Thursday, March 1, 2012

New Contributor to the Blog

I am always looking for new and exciting content for this blog and it is with great pride that I introduce new contributing member, Lindsay Seemann.

Lindsay is a 2008 Olympian who is currently a journalism on scholarship in Arizona. Lindsay has fought her way back from several illnesses and set backs and will swim at Olympic Trials in March. It is a great honor to have her contributing to this blog.

Here, she writes about her career from her perspective. Please join me in welcoming Lindsay.

I Swim for Me by Lindsay Seemann

The beauty and the curse of swimming is that no one can help you once the race starts. No one can fight your battles for you. In the water, you are all alone. This keeps your accomplishments close, and your failures closer. It always seems that we remember the bad races more than we remember the good ones.

Throughout my swimming career, I have seen the top of the podium and my name at the bottom of the results list. To quote one of my favorite movies, Friday Night Lights, “There isn't much difference between winning and losing, besides how the outside world treats you.”

It took me a long time to realize that the outside world isn't as a bad as our minds make it out to be. Swimming isn't a spectator sport, therefore very few people actually care about how well you perform. Your family, friends, coaches, and team mates only care because they want you to be happy. They witness determination and fear to see hard work go unanswered by your goals.

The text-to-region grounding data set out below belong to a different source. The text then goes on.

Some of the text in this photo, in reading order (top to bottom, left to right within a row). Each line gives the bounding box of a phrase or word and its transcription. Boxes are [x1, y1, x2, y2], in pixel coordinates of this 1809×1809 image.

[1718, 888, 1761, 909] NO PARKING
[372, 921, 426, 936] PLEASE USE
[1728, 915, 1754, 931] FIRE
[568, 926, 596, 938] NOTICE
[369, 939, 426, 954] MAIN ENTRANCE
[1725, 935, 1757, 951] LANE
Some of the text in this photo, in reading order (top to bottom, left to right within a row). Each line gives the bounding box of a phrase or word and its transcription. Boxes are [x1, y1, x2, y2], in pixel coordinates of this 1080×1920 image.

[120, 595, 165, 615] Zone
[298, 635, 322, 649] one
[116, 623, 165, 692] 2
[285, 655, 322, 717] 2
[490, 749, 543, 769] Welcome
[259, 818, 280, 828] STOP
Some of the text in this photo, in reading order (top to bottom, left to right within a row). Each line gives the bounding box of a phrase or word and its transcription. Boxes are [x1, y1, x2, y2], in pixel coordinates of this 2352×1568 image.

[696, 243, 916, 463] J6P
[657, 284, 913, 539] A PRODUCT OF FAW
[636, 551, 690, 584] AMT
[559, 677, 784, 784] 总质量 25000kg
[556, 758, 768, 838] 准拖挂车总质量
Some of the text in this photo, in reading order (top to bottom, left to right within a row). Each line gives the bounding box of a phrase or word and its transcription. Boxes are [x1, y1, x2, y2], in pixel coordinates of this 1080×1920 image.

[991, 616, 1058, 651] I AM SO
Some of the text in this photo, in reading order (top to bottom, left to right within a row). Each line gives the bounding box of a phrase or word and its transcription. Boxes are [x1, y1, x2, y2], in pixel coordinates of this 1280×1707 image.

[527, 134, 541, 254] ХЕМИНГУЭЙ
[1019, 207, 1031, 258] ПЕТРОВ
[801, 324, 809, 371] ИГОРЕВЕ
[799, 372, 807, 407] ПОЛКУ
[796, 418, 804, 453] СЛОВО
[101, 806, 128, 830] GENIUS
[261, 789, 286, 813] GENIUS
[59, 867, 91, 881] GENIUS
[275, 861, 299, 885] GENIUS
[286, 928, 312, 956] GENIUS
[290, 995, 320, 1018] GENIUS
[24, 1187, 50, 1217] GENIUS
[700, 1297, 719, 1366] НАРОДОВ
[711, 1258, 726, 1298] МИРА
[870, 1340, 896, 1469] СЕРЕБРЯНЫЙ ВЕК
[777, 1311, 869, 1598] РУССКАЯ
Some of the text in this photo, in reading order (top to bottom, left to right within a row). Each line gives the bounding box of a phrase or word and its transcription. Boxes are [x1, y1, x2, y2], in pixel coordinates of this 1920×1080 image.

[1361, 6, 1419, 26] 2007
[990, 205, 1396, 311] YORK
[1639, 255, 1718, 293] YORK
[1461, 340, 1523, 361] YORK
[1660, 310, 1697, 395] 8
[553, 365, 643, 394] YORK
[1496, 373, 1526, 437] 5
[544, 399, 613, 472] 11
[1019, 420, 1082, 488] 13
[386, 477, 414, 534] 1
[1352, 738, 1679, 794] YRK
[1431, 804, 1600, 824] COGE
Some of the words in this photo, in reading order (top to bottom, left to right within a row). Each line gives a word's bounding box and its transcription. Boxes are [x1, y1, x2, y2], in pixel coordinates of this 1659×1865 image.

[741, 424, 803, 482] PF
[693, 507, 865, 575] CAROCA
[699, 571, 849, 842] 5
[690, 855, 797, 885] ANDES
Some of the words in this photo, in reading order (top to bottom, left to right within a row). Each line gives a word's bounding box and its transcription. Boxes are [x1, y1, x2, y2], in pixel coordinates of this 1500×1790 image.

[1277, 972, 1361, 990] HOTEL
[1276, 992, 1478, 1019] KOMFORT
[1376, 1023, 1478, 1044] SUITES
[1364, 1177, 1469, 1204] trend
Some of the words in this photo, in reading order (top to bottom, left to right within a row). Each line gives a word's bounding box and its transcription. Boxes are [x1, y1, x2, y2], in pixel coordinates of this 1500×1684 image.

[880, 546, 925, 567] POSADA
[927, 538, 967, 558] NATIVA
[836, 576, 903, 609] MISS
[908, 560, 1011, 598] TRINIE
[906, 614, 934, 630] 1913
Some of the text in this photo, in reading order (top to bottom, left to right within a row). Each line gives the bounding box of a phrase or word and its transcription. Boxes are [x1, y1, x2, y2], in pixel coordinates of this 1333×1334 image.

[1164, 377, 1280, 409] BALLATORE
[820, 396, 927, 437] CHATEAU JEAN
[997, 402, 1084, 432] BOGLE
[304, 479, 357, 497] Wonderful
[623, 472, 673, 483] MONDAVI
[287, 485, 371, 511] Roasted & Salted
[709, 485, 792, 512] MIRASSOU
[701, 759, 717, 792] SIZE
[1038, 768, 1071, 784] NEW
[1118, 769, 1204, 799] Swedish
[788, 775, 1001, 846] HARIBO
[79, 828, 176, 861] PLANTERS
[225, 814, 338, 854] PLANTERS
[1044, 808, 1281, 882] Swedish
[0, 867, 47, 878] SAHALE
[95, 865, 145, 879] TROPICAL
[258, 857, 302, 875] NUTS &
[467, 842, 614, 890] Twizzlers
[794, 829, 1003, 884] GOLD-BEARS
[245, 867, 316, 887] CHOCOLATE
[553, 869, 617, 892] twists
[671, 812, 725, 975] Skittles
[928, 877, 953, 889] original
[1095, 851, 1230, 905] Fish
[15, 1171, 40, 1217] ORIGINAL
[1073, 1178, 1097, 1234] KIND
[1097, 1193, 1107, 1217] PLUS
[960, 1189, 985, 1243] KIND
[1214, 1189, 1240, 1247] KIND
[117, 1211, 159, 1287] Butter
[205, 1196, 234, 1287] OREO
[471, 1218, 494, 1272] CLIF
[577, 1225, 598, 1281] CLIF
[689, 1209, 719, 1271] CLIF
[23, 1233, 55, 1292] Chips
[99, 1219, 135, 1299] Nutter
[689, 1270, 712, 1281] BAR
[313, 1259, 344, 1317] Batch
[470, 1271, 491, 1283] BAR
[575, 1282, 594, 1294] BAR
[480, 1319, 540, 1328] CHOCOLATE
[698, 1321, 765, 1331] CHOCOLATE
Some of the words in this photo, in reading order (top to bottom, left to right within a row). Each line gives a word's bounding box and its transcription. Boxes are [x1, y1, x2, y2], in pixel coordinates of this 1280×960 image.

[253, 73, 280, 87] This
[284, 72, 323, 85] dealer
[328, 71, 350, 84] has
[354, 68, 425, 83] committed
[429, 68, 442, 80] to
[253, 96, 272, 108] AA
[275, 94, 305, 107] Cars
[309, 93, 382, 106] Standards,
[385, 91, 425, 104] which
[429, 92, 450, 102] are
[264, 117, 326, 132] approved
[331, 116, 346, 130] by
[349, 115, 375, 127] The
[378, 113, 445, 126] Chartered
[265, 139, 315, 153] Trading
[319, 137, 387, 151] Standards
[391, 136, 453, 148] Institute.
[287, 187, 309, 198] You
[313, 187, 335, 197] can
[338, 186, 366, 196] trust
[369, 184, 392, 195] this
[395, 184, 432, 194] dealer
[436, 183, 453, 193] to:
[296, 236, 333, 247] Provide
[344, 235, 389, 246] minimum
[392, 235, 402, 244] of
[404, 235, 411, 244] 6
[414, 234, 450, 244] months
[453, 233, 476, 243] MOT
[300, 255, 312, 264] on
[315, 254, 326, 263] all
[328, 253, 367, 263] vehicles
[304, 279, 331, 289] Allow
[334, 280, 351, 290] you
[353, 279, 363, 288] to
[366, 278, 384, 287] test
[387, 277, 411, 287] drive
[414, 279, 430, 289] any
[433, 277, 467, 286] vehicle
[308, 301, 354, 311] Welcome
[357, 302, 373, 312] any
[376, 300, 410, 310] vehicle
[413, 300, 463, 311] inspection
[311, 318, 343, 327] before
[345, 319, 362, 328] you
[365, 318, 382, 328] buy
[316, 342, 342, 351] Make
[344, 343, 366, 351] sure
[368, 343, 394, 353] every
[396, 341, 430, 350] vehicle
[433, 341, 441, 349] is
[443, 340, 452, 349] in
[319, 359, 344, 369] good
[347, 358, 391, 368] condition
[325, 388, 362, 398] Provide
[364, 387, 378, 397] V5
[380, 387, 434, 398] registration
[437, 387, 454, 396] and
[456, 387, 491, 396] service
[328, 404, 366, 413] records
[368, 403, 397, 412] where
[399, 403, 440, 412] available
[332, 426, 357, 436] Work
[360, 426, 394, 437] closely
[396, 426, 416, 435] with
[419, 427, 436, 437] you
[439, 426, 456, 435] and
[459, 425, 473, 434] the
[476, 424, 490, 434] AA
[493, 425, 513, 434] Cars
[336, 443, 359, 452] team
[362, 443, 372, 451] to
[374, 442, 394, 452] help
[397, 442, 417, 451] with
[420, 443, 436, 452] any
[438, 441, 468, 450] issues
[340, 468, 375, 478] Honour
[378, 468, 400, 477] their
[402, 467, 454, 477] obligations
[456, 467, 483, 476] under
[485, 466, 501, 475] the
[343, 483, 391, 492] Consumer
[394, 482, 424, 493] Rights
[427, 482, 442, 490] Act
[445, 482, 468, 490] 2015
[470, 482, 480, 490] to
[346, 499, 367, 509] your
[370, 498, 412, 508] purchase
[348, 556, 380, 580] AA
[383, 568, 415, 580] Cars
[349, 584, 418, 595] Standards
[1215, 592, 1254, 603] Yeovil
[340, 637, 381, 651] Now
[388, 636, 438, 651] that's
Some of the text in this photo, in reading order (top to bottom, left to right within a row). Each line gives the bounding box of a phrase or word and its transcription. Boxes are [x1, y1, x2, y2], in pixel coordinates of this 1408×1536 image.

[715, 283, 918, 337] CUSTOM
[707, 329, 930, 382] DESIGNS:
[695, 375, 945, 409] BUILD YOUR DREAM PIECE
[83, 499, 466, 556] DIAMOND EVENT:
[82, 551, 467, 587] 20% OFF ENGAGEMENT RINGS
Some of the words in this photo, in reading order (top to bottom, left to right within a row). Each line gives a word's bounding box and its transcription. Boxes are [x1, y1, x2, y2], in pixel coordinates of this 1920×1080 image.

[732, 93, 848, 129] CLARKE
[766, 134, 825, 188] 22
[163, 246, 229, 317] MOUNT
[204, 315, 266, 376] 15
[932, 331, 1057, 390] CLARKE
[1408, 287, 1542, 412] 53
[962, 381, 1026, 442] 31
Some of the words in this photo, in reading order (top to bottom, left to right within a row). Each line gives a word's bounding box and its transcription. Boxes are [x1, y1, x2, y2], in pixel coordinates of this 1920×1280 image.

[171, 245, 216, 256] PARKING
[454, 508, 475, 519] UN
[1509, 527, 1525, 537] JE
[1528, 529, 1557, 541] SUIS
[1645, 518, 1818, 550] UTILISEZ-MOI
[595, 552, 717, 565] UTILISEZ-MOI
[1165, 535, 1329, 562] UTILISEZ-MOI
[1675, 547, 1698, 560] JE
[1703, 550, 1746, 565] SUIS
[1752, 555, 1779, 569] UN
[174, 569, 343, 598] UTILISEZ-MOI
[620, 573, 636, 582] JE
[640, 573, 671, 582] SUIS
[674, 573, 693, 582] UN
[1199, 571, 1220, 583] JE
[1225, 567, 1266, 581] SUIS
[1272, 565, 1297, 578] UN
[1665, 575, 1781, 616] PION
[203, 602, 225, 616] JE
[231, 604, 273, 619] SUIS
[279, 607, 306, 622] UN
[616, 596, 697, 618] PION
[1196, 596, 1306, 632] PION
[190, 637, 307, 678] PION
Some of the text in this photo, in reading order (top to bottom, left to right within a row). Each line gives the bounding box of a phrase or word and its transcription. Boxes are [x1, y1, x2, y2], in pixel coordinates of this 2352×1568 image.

The past four years has been a roller coaster. I have had to fight a lot of battles and in swimming the only battles you fight are against yourself. There is no one tackling you at the one yard line, or cross checking you into the boards. The only opposition that can effect how fast you swim, is your own mind. In your lane there is nothing but water and a black line on the bottom.

There have been times I feel like this sport is rejecting me like a bad heart transplant. Coming back to swimming after having mononucleosis has been the hardest thing I have ever had to do in this sport. Constant hard work, with no pay off. I have been forced to celebrate small victory after small victory as I take steps towards achieving the level I used to be. I have to celebrate my progress instead of best times.

Results don't always add up. You may train hard, eat right, and still fail. Sometimes your best effort does not attain your goals. There is no answer for it. Its just a part of sport. I have been learning to happy with a race as long as I tried my best and know I did everything I could. How can I ask for more than my best effort? After all, the only expectations I want to live up to are my own.

“You have done it once, you can do it again,” is a haunting phrase I hear from the outside world. Just because you have done something before, doesn't make it an easier task, if anything it makes it harder.

Between the failures and small victories I have asked myself many times why I do this. Why do I swim? Through the pressure and stress, why do I swim? Because I am chasing a dream.

Making an Olympic team isn't easy, that shouldn't be a surprise to anyone. If it were, the Olympic Games would not be anything special.

Before I made the 2008 Olympic team, I was just a girl with a dream. I dreamed big and without fear. As we approach 2012 Trials, I am an Olympian striving to repeat my past. I would do anything to go to just one more. The path I have taken the last four years has not been ideal, but I am only 19. Whether my next Olympics is 2012, 2016, or 2020, I would love to compete at that level again. Its not about attaching an Olympian title to my name, or earning the right to have a five-ringed tattoo. I already have those things. Its about chasing after a dream. Its about what makes me happy. I swim for me.